* _Problem details_
The entries are to be duplicated exactly, though any picture in them must be omitted.

* _Material to process_

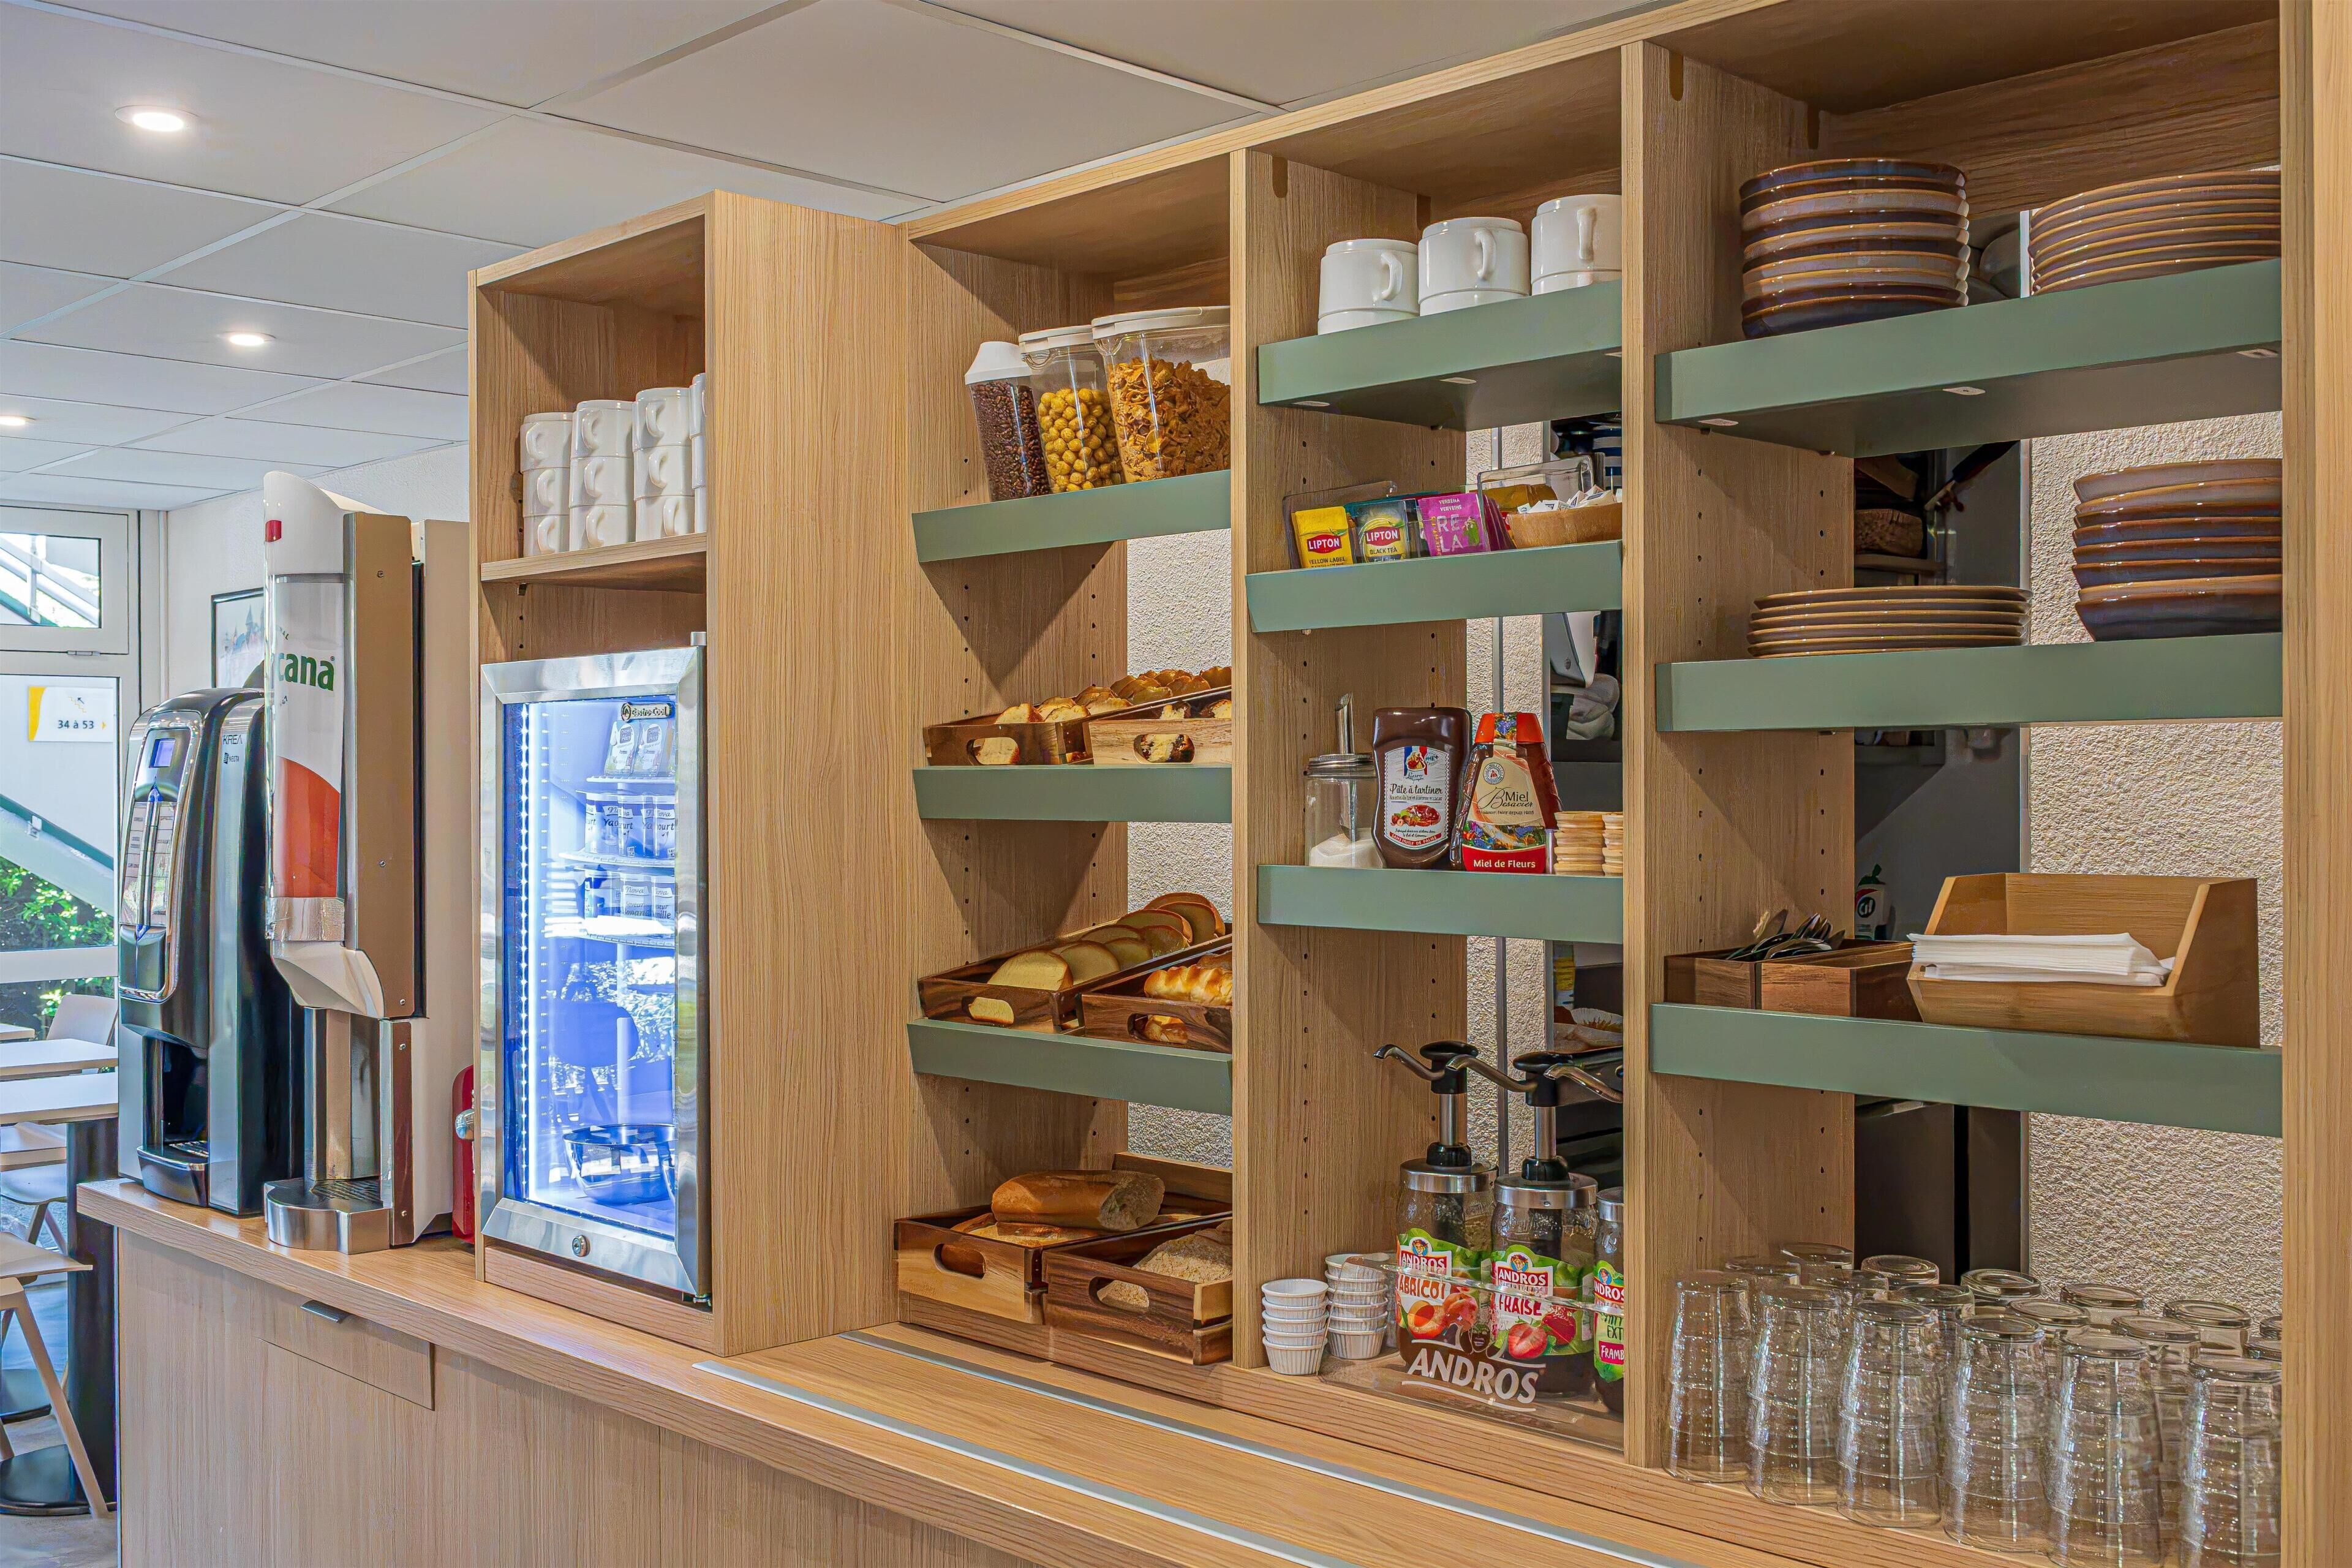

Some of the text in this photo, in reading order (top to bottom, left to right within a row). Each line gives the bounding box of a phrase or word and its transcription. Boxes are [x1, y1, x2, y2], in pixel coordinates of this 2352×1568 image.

[1365, 529, 1399, 543] LIPTON
[1308, 538, 1340, 550] LIPTON
[58, 720, 94, 729] 34 à 53
[1390, 783, 1443, 794] Pâte à tartiner
[1505, 791, 1528, 802] Miel
[1499, 1268, 1547, 1286] ANDROS
[1607, 1325, 1624, 1341] EXT
[1408, 1348, 1539, 1404] ANDROS

* _Answer section_
Some of the text in this photo, in reading order (top to bottom, left to right within a row). Each line gives the bounding box of a phrase or word and its transcription. Boxes are [x1, y1, x2, y2], in pixel coordinates of this 2352×1568 image.

[1365, 529, 1399, 543] LIPTON
[1308, 538, 1340, 550] LIPTON
[58, 720, 94, 729] 34 à 53
[1390, 783, 1443, 794] Pâte à tartiner
[1505, 791, 1528, 802] Miel
[1499, 1268, 1547, 1286] ANDROS
[1607, 1325, 1624, 1341] EXT
[1408, 1348, 1539, 1404] ANDROS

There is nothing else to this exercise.